**YOUR TASK:**
Set out the records below again exactly; skip the images.

***** DATA FOR REVIEW *****

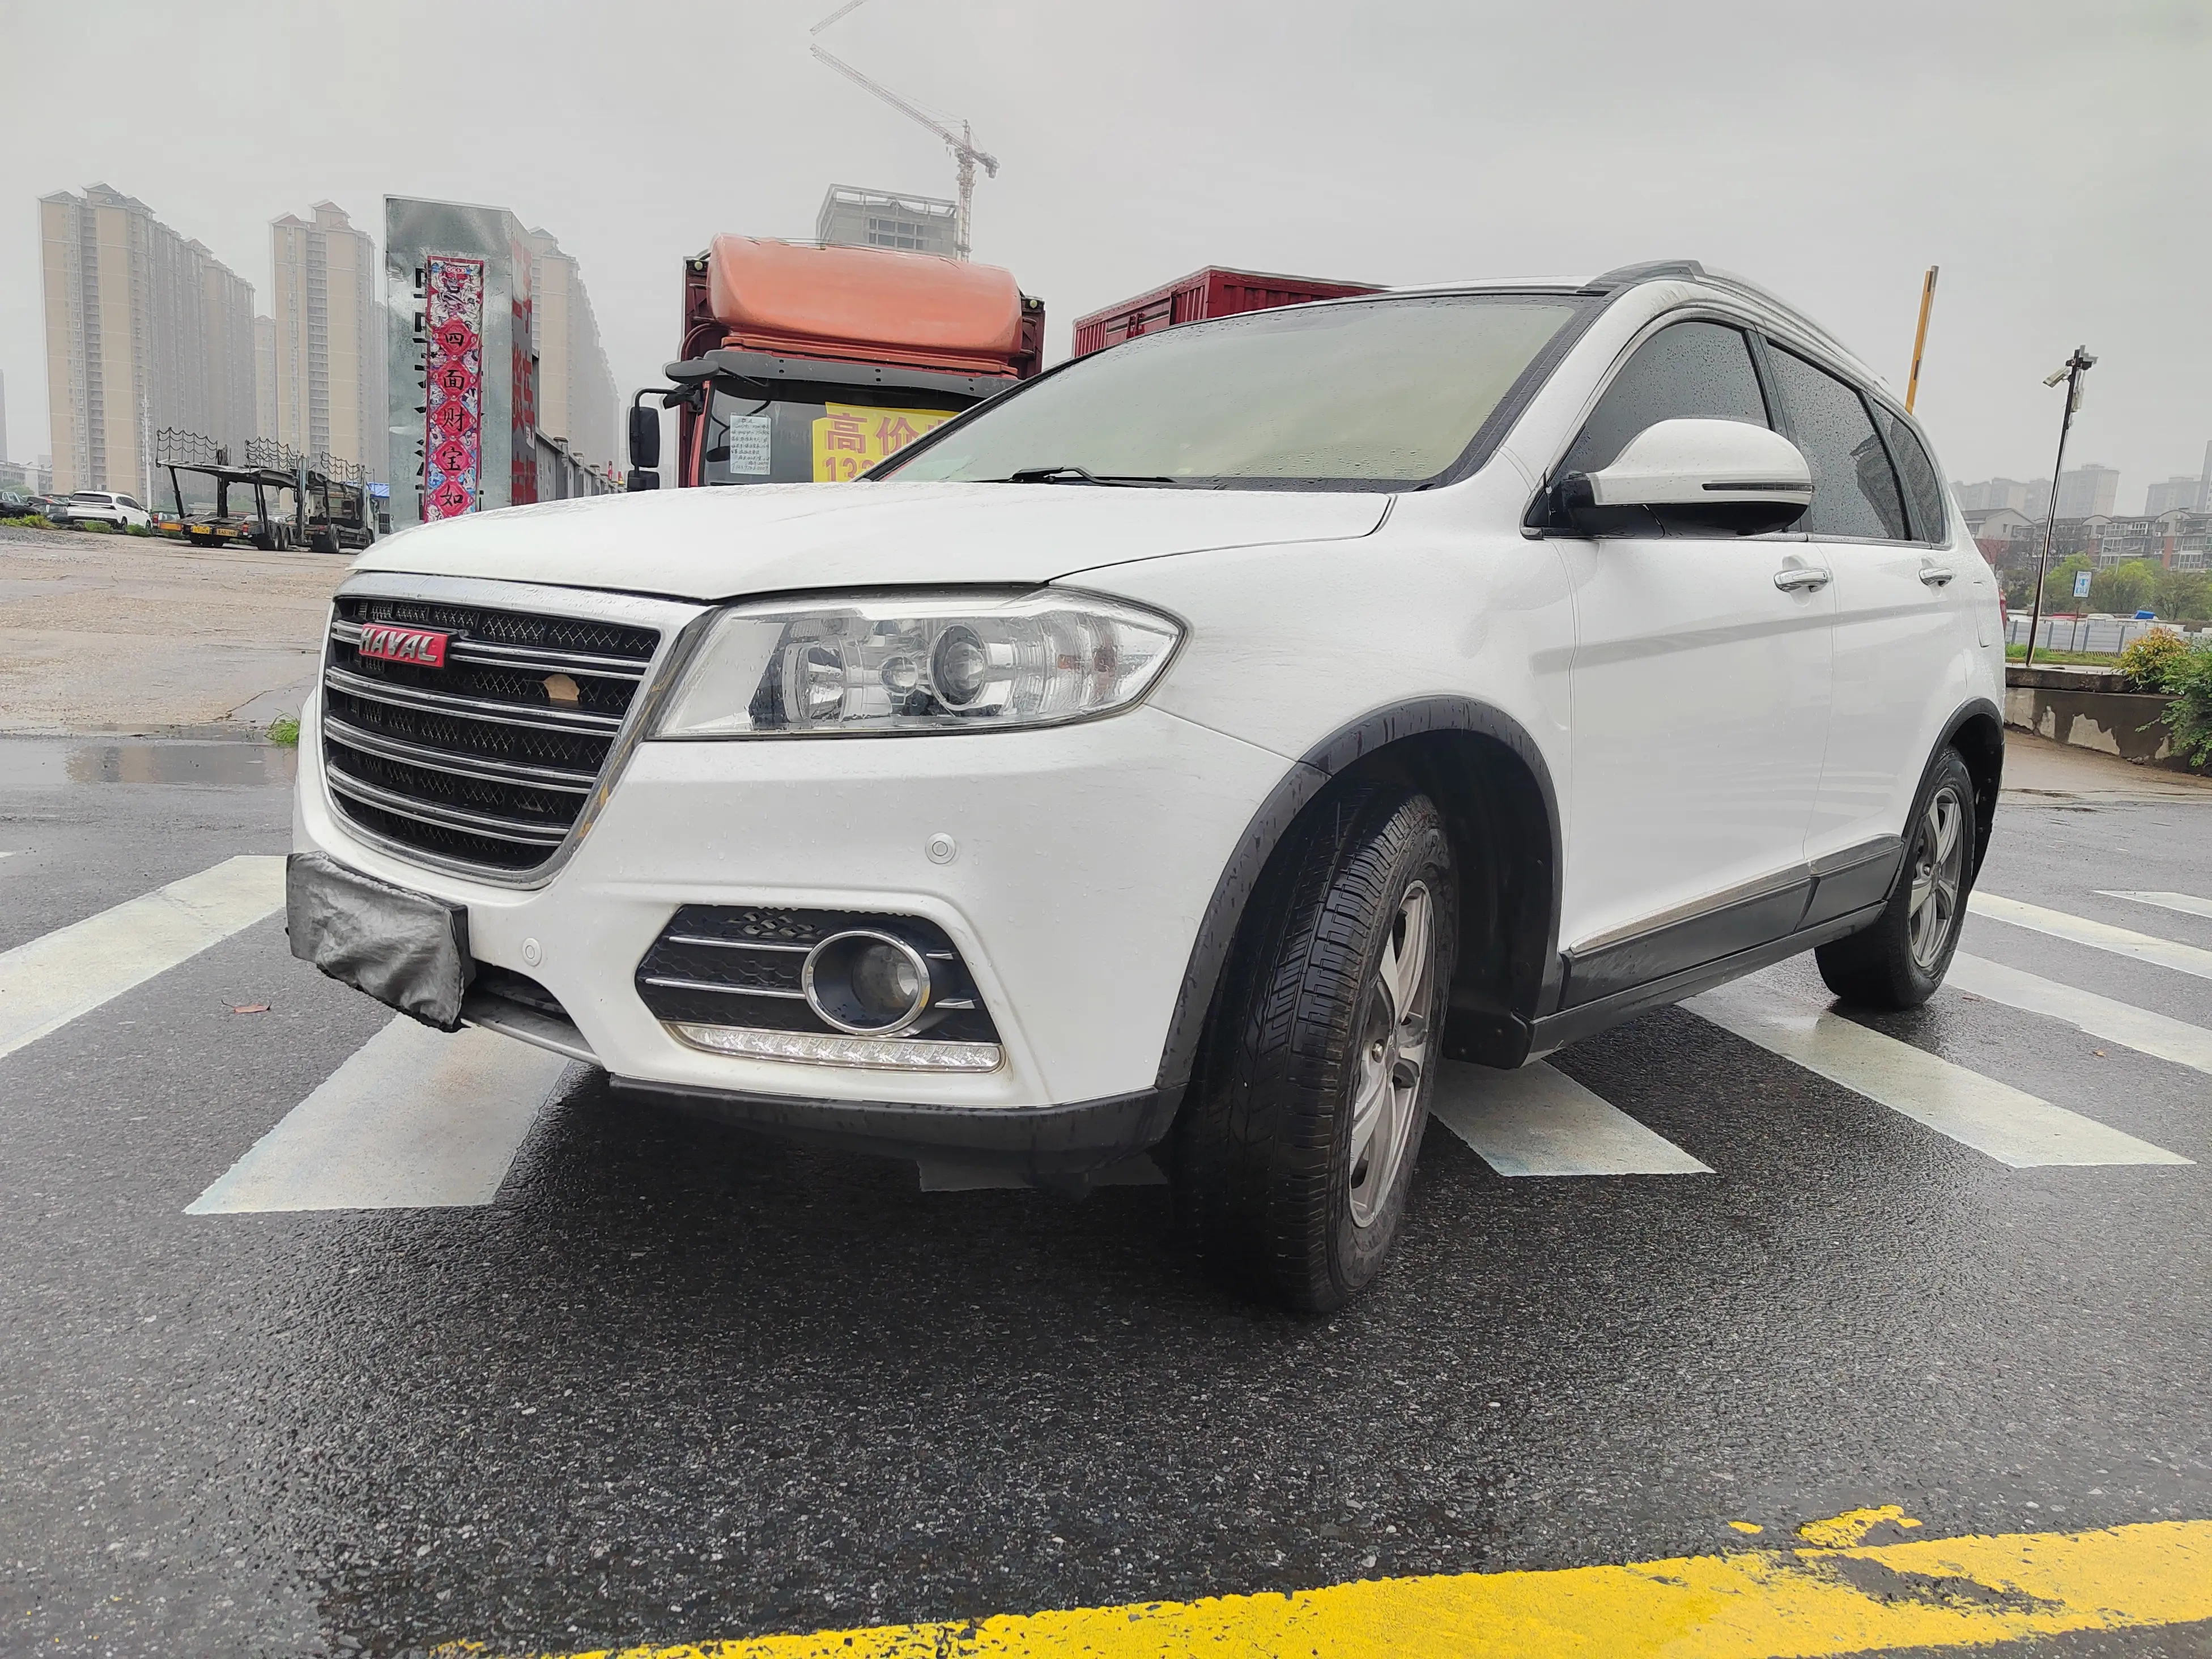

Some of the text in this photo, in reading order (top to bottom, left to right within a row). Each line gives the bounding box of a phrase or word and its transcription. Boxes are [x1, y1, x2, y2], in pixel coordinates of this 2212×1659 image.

[440, 331, 465, 507] 四面财宝如
[826, 412, 945, 456] 高价
[360, 627, 437, 662] HAVAL
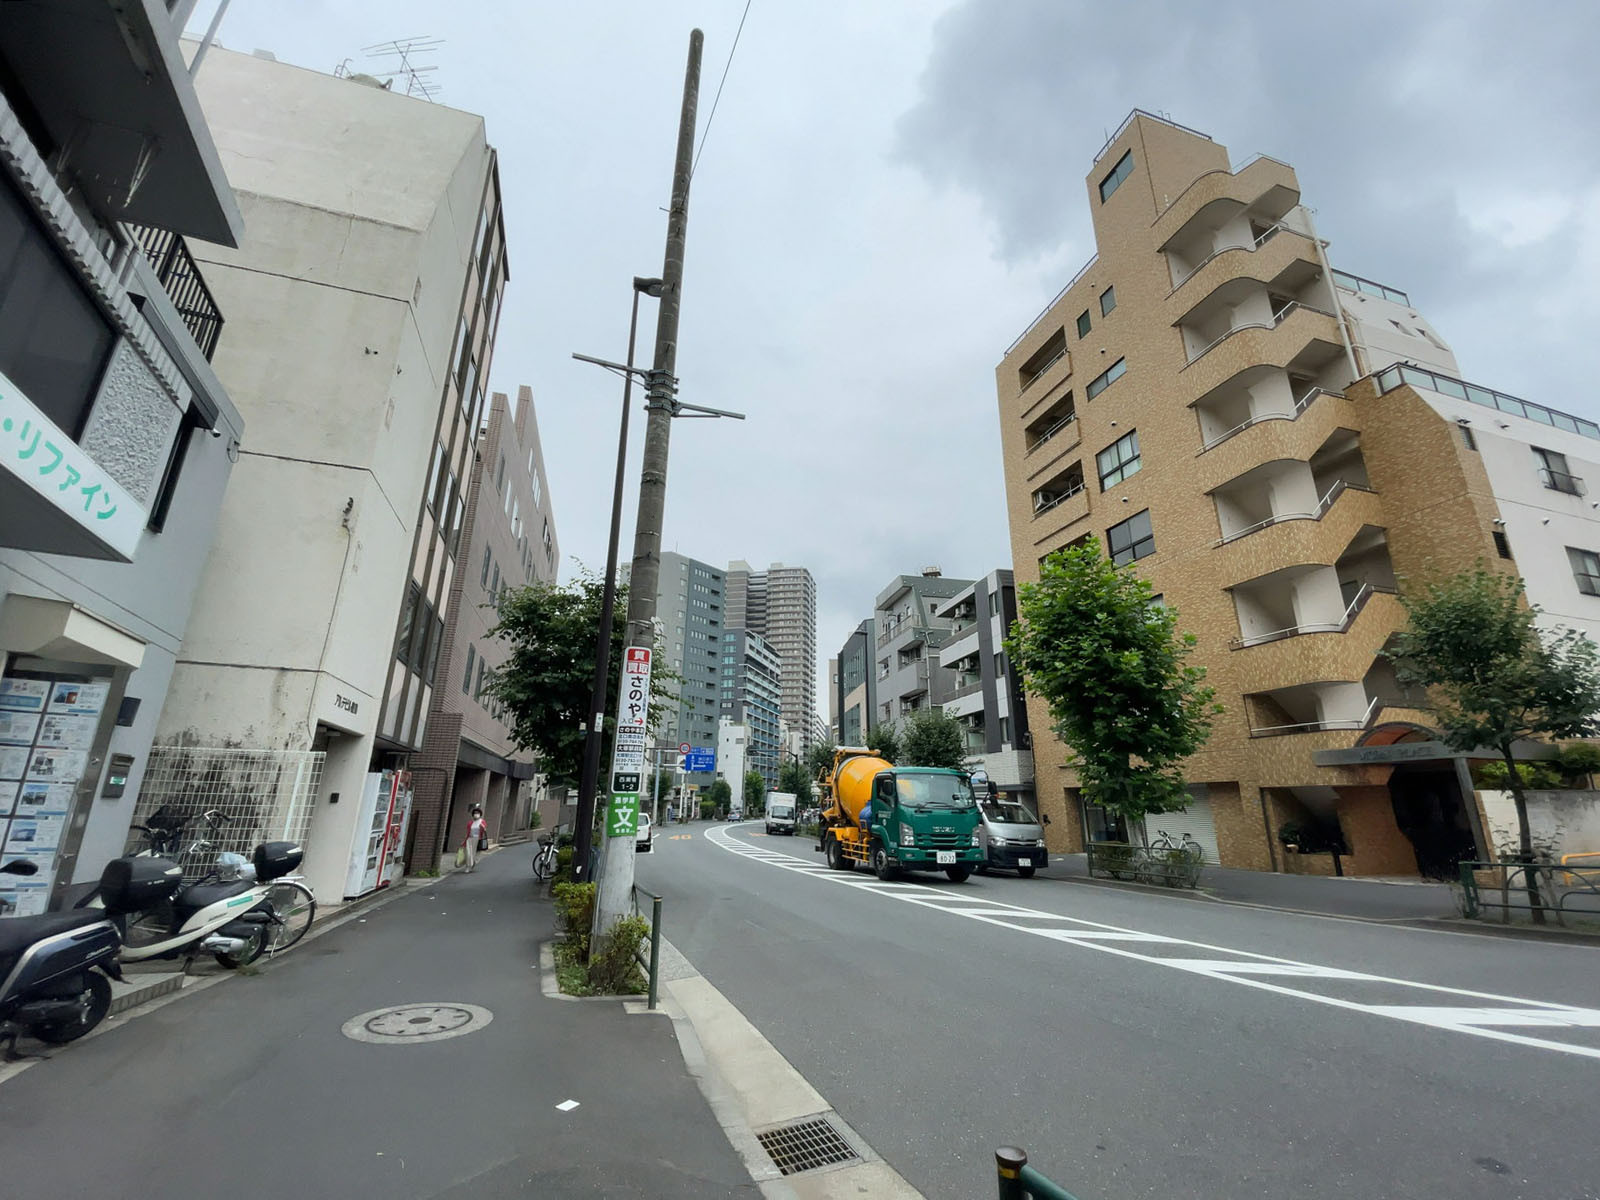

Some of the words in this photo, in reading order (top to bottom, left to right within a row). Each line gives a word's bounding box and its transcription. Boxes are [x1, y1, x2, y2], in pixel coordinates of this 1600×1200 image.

[0, 394, 117, 520] ・リファイン
[627, 662, 649, 673] 買取
[628, 676, 643, 717] さのや
[614, 796, 635, 804] 通学路
[613, 805, 634, 828] 文
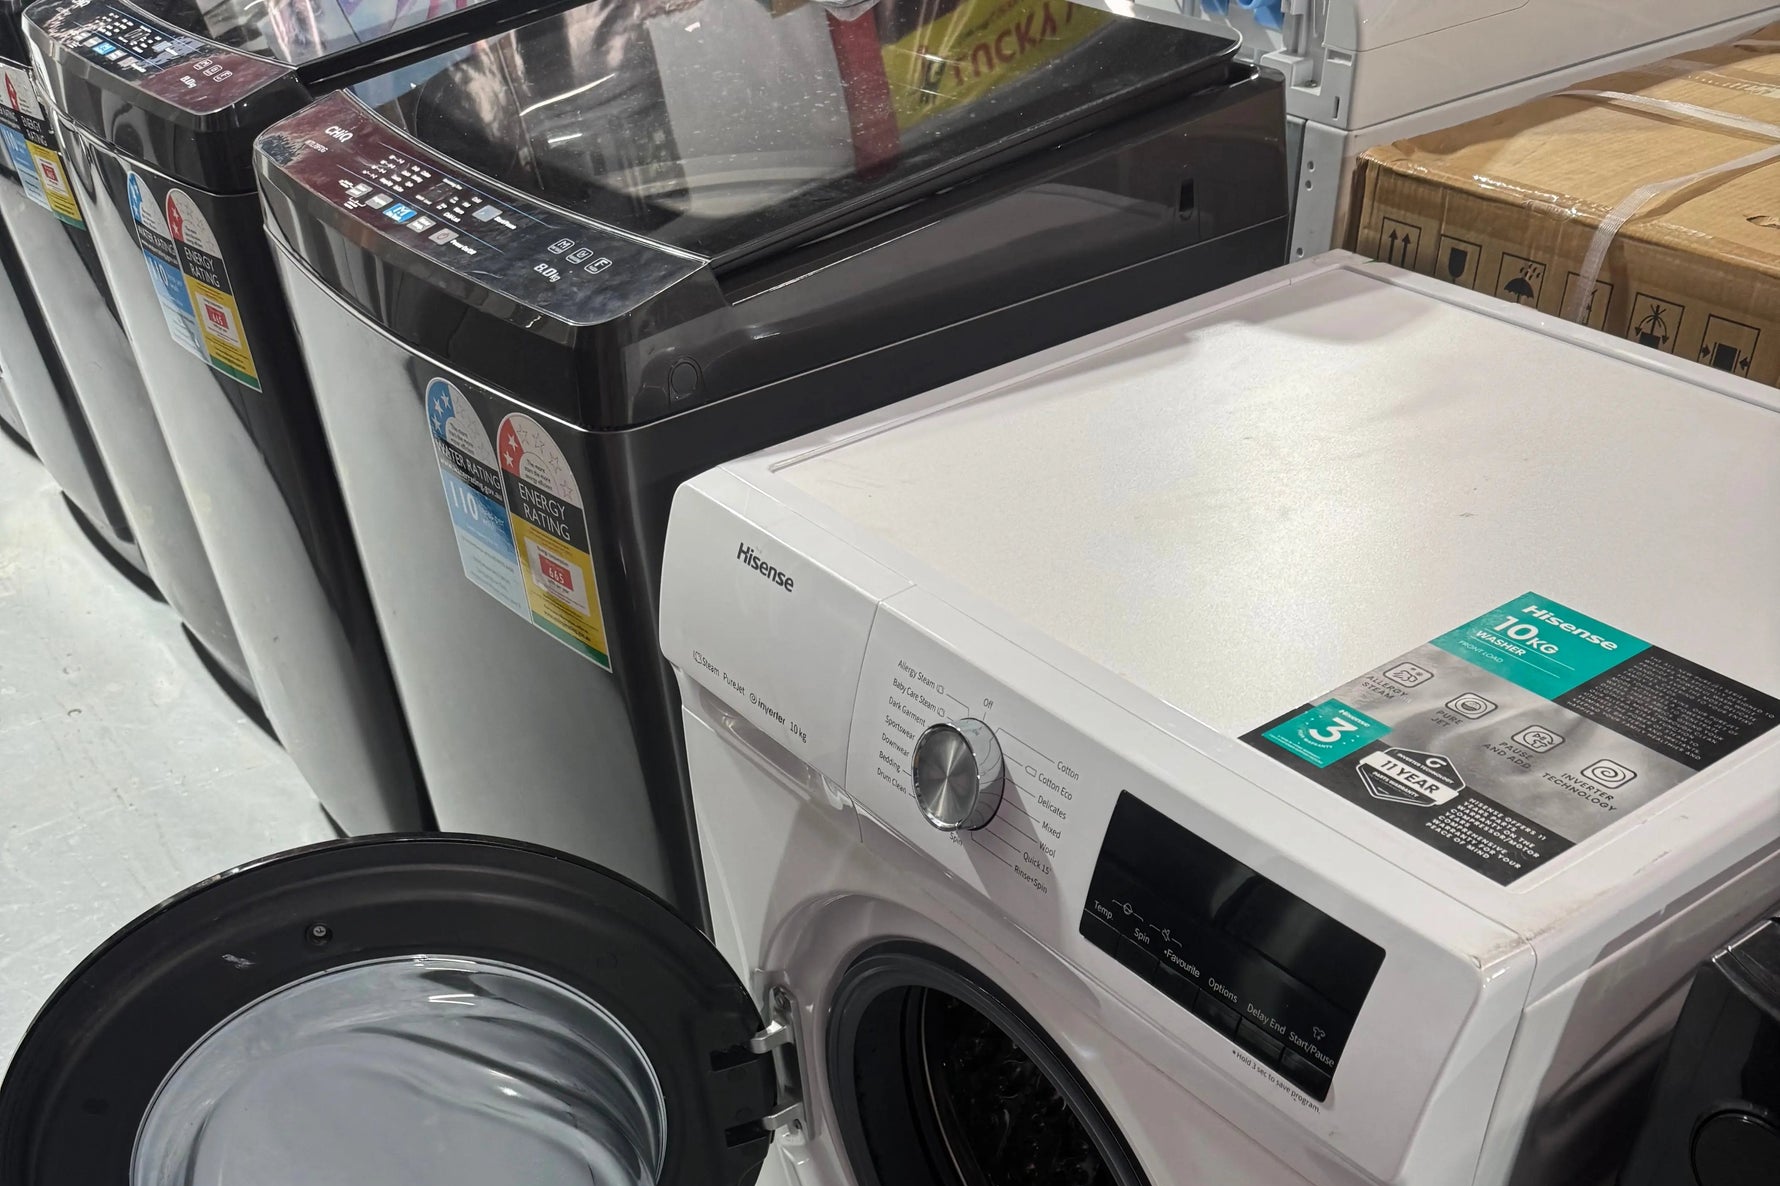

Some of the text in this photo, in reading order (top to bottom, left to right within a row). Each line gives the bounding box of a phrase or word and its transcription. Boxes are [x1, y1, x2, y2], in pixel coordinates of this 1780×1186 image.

*****

**SOLUTION FOR THIS PROBLEM:**
Some of the text in this photo, in reading order (top to bottom, left to right within a row). Each line gives the bounding box of a phrase or word and its transcription. Boxes are [x1, y1, x2, y2], in pixel coordinates of this 2212×1659 image.

[440, 331, 465, 507] 四面财宝如
[826, 412, 945, 456] 高价
[360, 627, 437, 662] HAVAL

Some of the words in this photo, in reading order (top to bottom, left to right within a row). Each line gives a word's bounding box and its transcription. Boxes are [x1, y1, x2, y2], in pixel coordinates of this 1600×1200 image.

[0, 394, 117, 520] ・リファイン
[627, 662, 649, 673] 買取
[628, 676, 643, 717] さのや
[614, 796, 635, 804] 通学路
[613, 805, 634, 828] 文

Some of the text in this photo, in reading order (top to bottom, left to right within a row). Each line gives the bounding box of a phrase or word and its transcription. Boxes are [x1, y1, x2, y2], in pixel coordinates of this 1780×1186 image.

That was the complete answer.